Слово было смутно знакомым, но нащупать его значение я не смог.
— Лишь одну часть — фобию, — сказал я. — Это ненормальная боязнь чего-либо.
Кингмэн кивнул.
— Ненормальный страх высоты. Я знаю об этом, поскольку сам немного — того. Не сильно, но немного. Человек, который чем-то таким болен, непременно почитает о том в книгах, поскольку интересуется. Мне кажется, не много найдётся людей, которые знают, что такое ликантропия. Я даже точно могу это утверждать, я тут поспрашивал. Сечёшь, о чём я?

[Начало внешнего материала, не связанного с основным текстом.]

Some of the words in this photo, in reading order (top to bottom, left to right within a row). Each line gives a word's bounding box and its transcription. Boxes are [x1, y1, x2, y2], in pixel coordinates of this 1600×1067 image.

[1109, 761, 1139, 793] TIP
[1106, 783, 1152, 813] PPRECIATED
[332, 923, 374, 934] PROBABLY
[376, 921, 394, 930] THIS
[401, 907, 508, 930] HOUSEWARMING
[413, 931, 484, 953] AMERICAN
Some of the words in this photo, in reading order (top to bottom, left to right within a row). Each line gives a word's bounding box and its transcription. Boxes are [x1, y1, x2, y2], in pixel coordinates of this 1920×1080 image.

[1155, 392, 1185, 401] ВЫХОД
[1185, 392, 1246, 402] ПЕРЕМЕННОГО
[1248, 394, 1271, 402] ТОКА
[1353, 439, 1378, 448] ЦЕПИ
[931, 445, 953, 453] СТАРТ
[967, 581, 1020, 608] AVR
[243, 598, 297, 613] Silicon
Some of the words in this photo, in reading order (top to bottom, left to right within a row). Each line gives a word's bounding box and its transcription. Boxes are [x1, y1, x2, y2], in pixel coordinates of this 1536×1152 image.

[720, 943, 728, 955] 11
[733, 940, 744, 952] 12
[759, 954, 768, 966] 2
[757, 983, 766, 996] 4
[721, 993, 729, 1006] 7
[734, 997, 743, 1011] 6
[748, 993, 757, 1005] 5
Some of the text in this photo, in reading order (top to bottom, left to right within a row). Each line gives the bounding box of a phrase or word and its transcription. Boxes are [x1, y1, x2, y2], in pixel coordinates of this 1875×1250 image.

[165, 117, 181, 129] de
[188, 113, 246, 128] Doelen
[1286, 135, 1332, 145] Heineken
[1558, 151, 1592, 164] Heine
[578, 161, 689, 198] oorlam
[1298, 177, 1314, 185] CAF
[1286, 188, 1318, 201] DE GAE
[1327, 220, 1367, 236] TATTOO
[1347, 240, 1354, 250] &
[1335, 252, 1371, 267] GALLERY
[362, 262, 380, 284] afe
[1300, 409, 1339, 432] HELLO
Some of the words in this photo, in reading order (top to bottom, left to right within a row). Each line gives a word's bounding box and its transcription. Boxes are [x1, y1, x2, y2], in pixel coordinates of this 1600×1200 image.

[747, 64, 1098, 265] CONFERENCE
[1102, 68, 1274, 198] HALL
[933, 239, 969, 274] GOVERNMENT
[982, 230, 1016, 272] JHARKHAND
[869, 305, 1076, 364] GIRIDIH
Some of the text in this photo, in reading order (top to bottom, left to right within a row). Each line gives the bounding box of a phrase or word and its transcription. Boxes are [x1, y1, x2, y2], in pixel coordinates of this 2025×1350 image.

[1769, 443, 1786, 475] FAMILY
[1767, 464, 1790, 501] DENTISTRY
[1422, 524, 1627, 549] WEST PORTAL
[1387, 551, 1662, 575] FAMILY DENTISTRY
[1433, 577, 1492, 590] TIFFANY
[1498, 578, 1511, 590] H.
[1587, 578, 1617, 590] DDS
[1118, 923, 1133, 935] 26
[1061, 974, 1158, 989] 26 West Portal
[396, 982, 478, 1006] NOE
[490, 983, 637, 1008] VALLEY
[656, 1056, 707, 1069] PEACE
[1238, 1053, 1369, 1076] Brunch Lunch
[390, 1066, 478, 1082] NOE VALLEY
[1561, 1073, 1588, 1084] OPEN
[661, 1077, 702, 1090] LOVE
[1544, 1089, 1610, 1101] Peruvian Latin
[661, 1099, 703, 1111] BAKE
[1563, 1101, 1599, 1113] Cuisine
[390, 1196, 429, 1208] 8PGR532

— Ещё бы, — ответил я. — Но только вы и сами в это не верите, иначе уже упекли бы меня за решётку. И не только; вы бы призвали полицию штата и национальную гвардию, чтобы тюрьму охраняло не меньше батальона.
Шериф хмыкнул.
— Гораздо вероятнее, что ты был бы застрелен в процессе задержания.
— Тоже неплохая мысль, — ответствовал я.
— Есть и ещё одна, Хантер. У нас в округе ликантропы ещё не водились до той ночи, как ты прибыл в город.